Start of RAW DATA

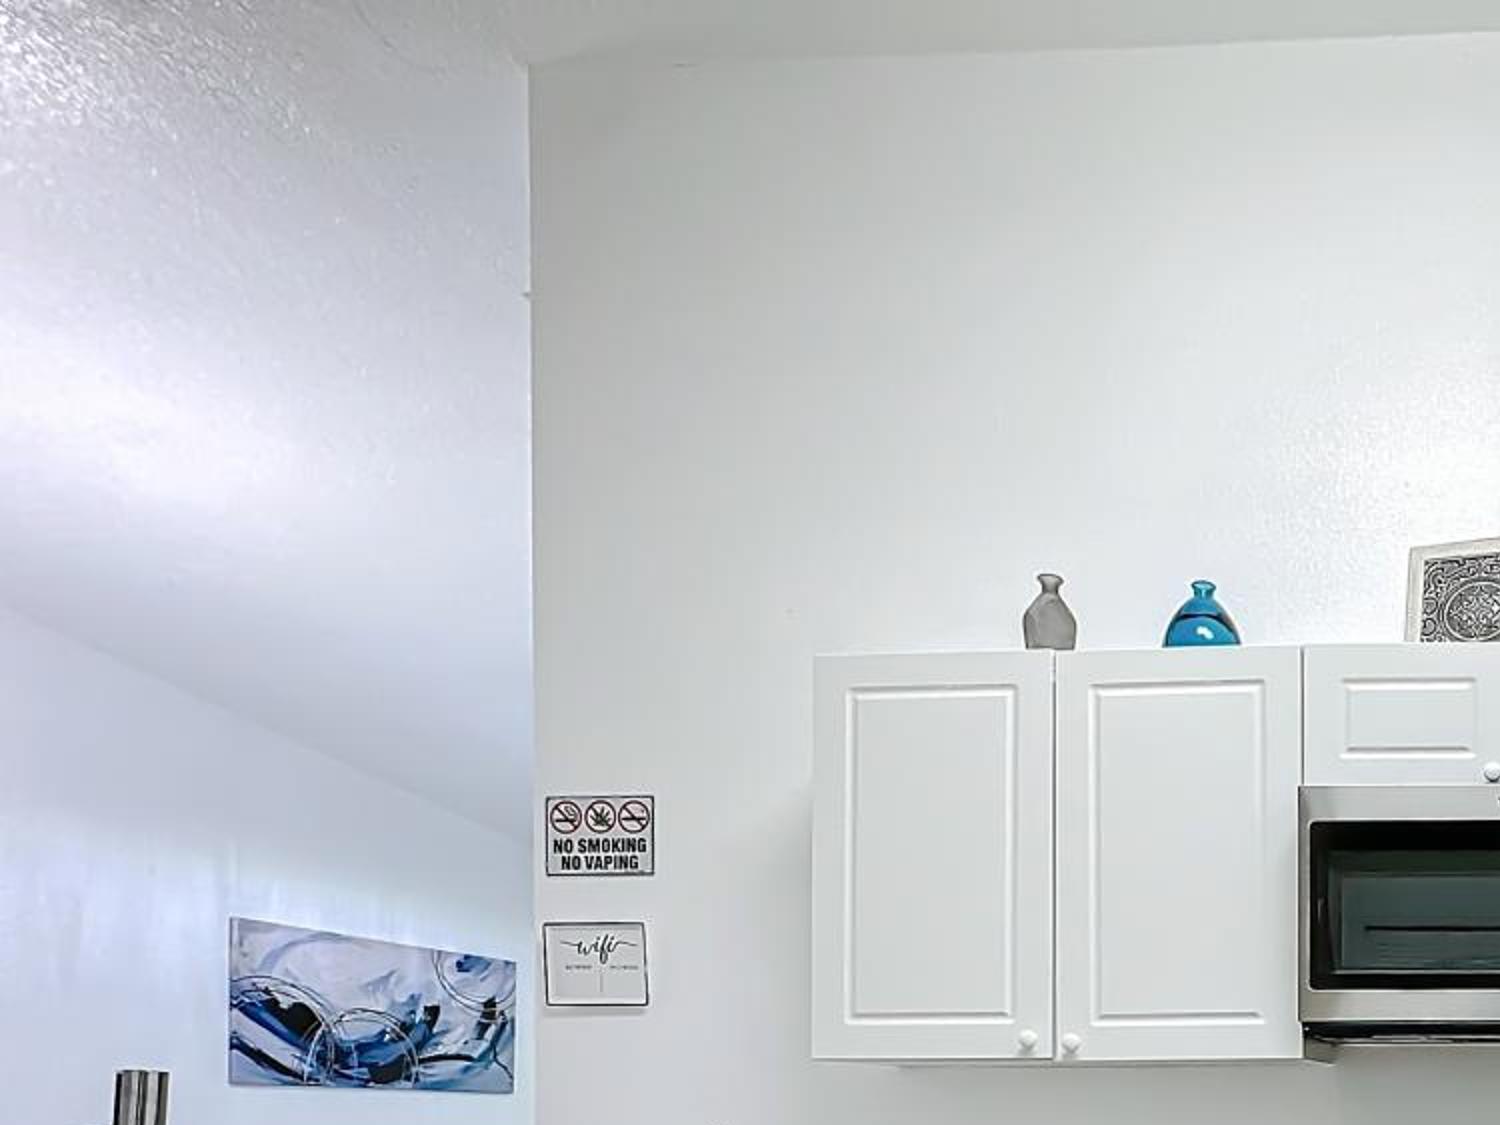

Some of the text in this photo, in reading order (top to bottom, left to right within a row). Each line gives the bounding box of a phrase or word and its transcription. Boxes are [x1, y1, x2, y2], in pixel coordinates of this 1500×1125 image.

[553, 838, 648, 854] NO SMOKING
[561, 855, 639, 870] NO VAPING
[562, 934, 637, 964] wifi
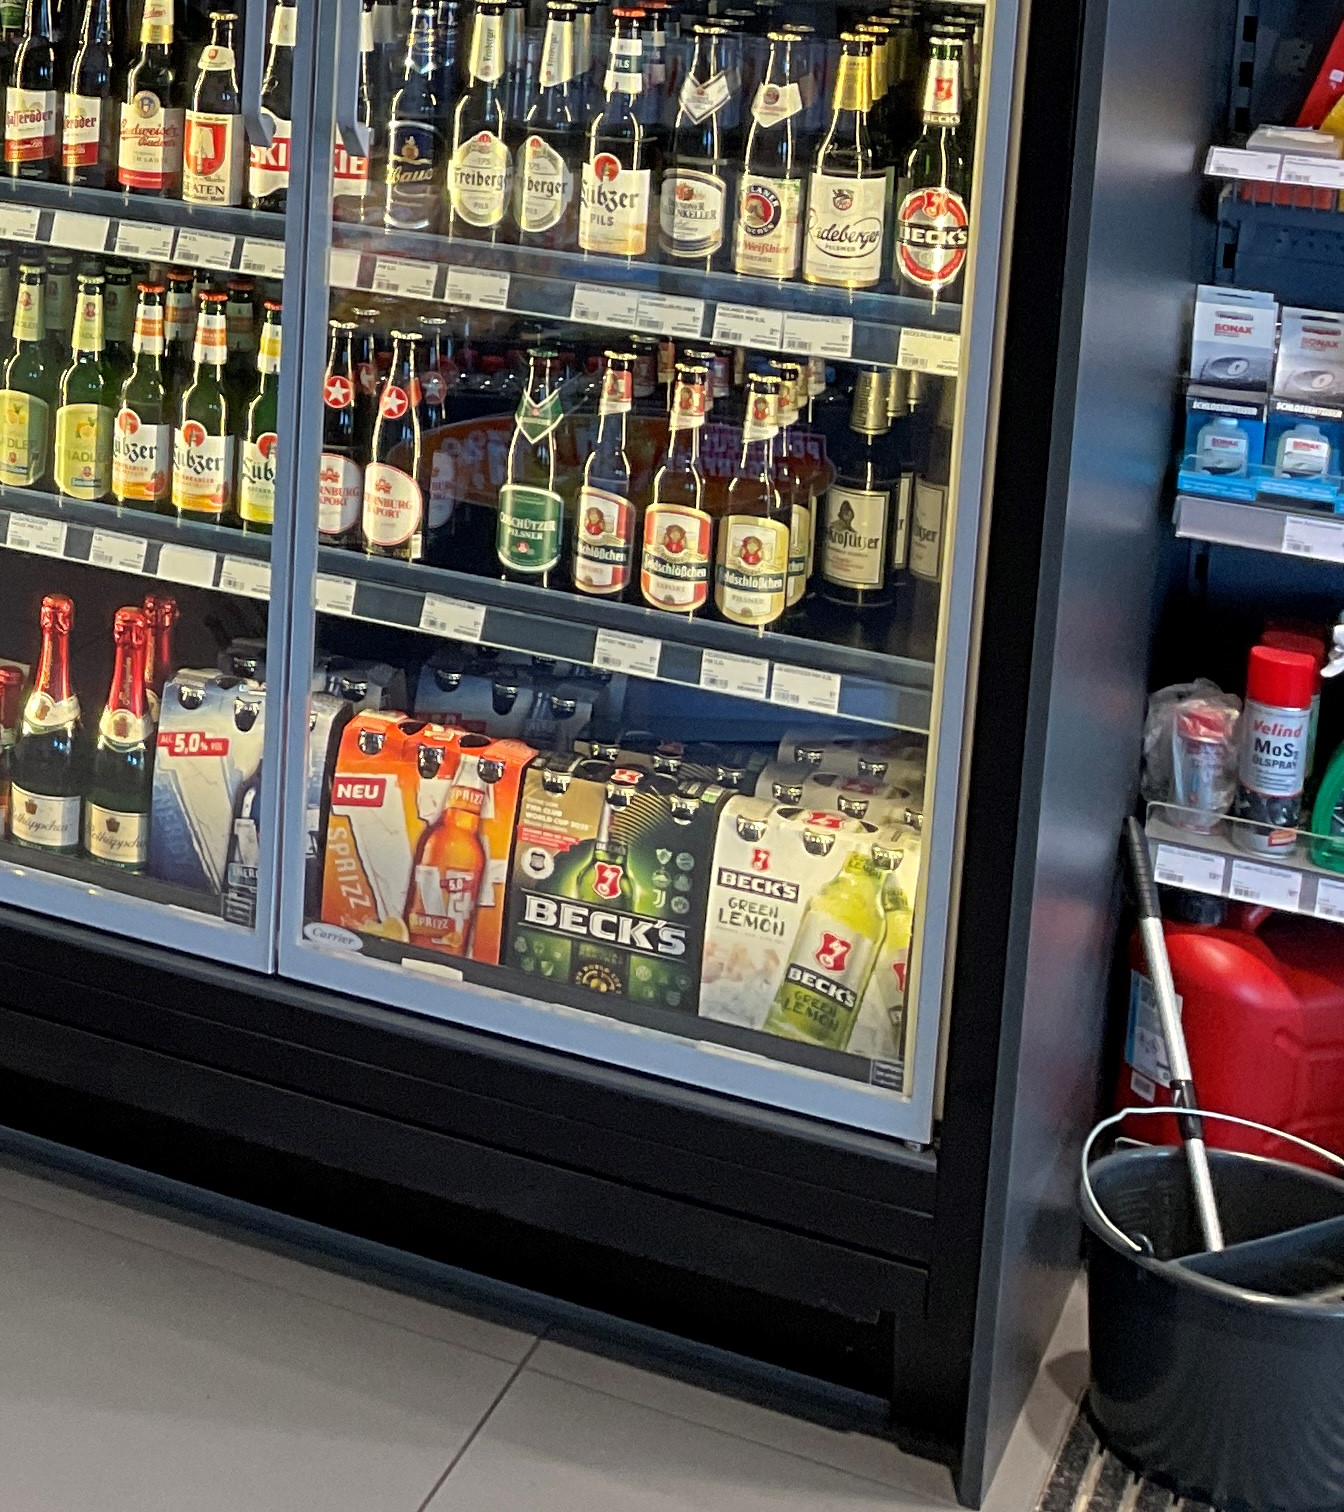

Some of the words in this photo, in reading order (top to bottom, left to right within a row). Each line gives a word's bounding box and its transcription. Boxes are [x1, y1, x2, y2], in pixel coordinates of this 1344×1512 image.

[589, 212, 614, 226] PILS
[1215, 324, 1253, 335] SONAX
[1301, 337, 1340, 350] SONAX
[1212, 437, 1239, 448] SONAX
[509, 528, 544, 540] PILSNER
[1253, 719, 1303, 739] Velind
[337, 784, 379, 800] NEU
[525, 812, 551, 823] WORLD
[553, 817, 569, 827] CUP
[544, 808, 562, 817] CLUB
[329, 826, 372, 909] SPRIZZ
[720, 871, 798, 900] BECK'S
[728, 896, 779, 919] GREEN
[412, 916, 450, 931] SPRIZZ
[524, 894, 687, 956] BECK'S
[718, 907, 785, 937] LEMON
[313, 925, 354, 945] Carrier
[788, 966, 855, 1009] BECK'S
[782, 996, 840, 1029] LEMON
[794, 990, 838, 1017] GREEN
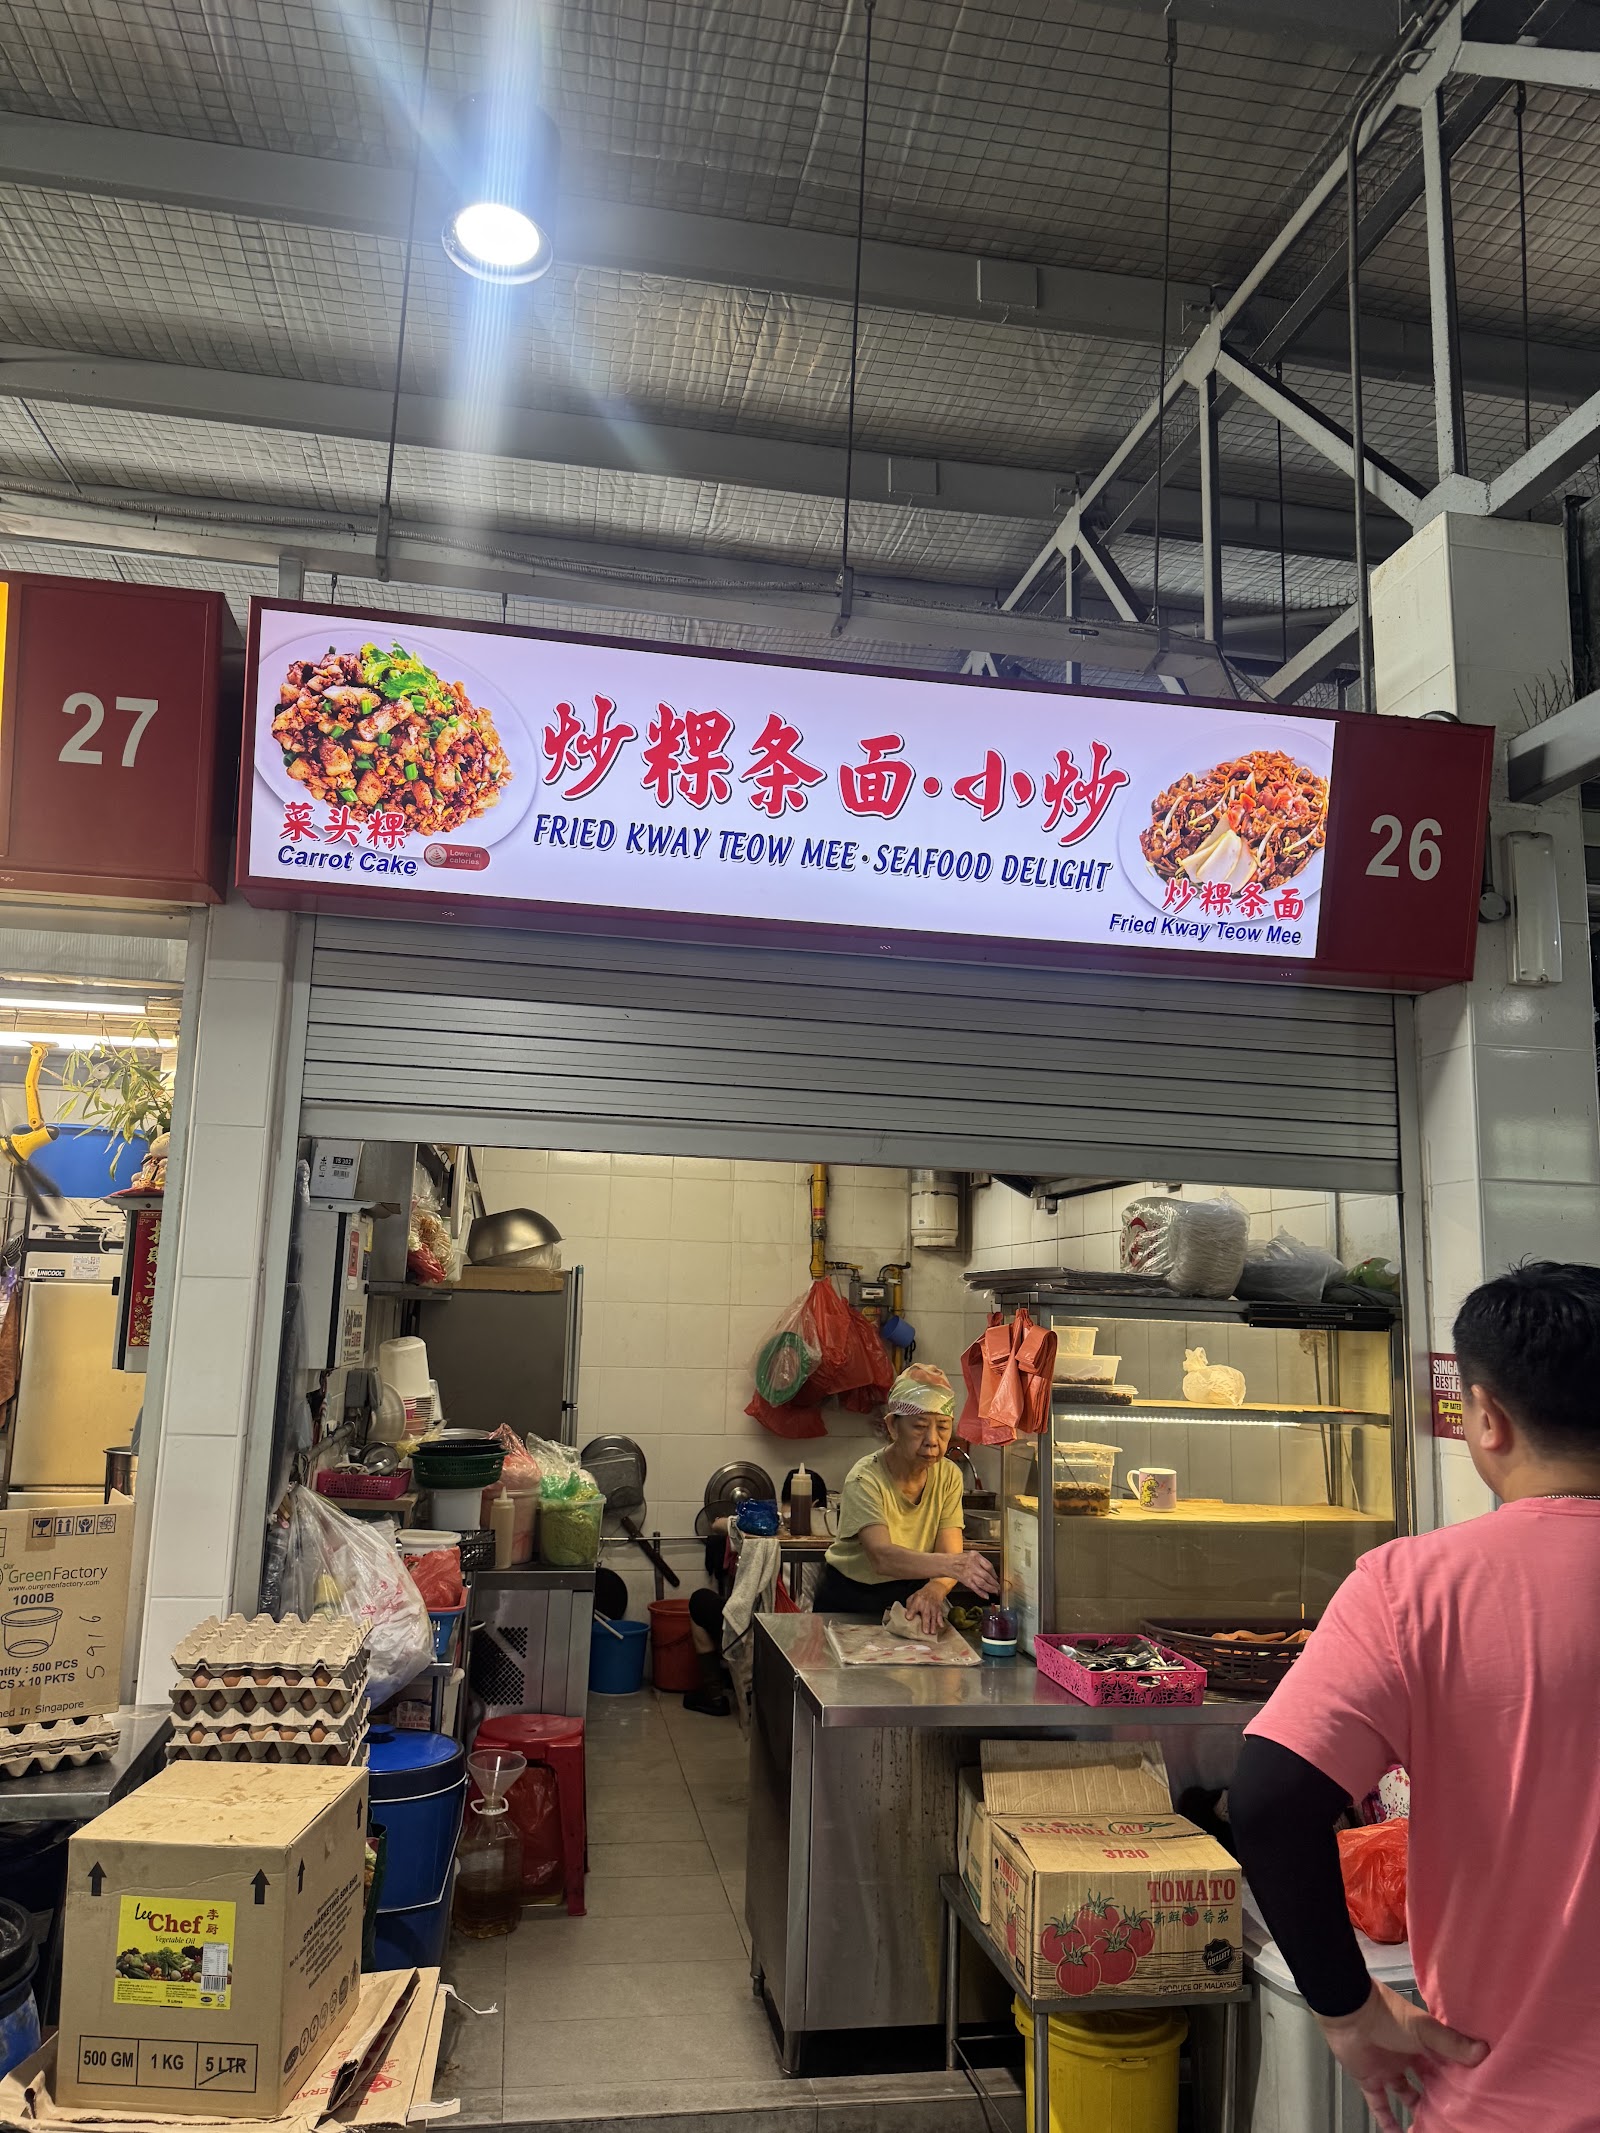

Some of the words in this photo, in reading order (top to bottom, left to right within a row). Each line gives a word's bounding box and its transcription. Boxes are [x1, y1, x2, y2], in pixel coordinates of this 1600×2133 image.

End of RAW DATA

**TASK DIRECTIONS**
Reproduce every record above word for word. Leave the pictures out.

**RESULT FOR THIS TASK**
Some of the text in this photo, in reading order (top to bottom, left to right within a row). Each line gives the bounding box of a phrase or word and its transcription. Boxes are [x1, y1, x2, y2], in pixel coordinates of this 1500×1125 image.

[553, 838, 648, 854] NO SMOKING
[561, 855, 639, 870] NO VAPING
[562, 934, 637, 964] wifi

Some of the words in this photo, in reading order (top to bottom, left to right within a row). Each line gives a word's bounding box and its transcription. Boxes are [x1, y1, x2, y2], in pixel coordinates of this 1344×1512 image.

[589, 212, 614, 226] PILS
[1215, 324, 1253, 335] SONAX
[1301, 337, 1340, 350] SONAX
[1212, 437, 1239, 448] SONAX
[509, 528, 544, 540] PILSNER
[1253, 719, 1303, 739] Velind
[337, 784, 379, 800] NEU
[525, 812, 551, 823] WORLD
[553, 817, 569, 827] CUP
[544, 808, 562, 817] CLUB
[329, 826, 372, 909] SPRIZZ
[720, 871, 798, 900] BECK'S
[728, 896, 779, 919] GREEN
[412, 916, 450, 931] SPRIZZ
[524, 894, 687, 956] BECK'S
[718, 907, 785, 937] LEMON
[313, 925, 354, 945] Carrier
[788, 966, 855, 1009] BECK'S
[782, 996, 840, 1029] LEMON
[794, 990, 838, 1017] GREEN

Some of the words in this photo, in reading order (top to bottom, left to right within a row). Each line gives a word's bounding box and its transcription. Boxes are [x1, y1, x2, y2], in pixel coordinates of this 1600×2133 image.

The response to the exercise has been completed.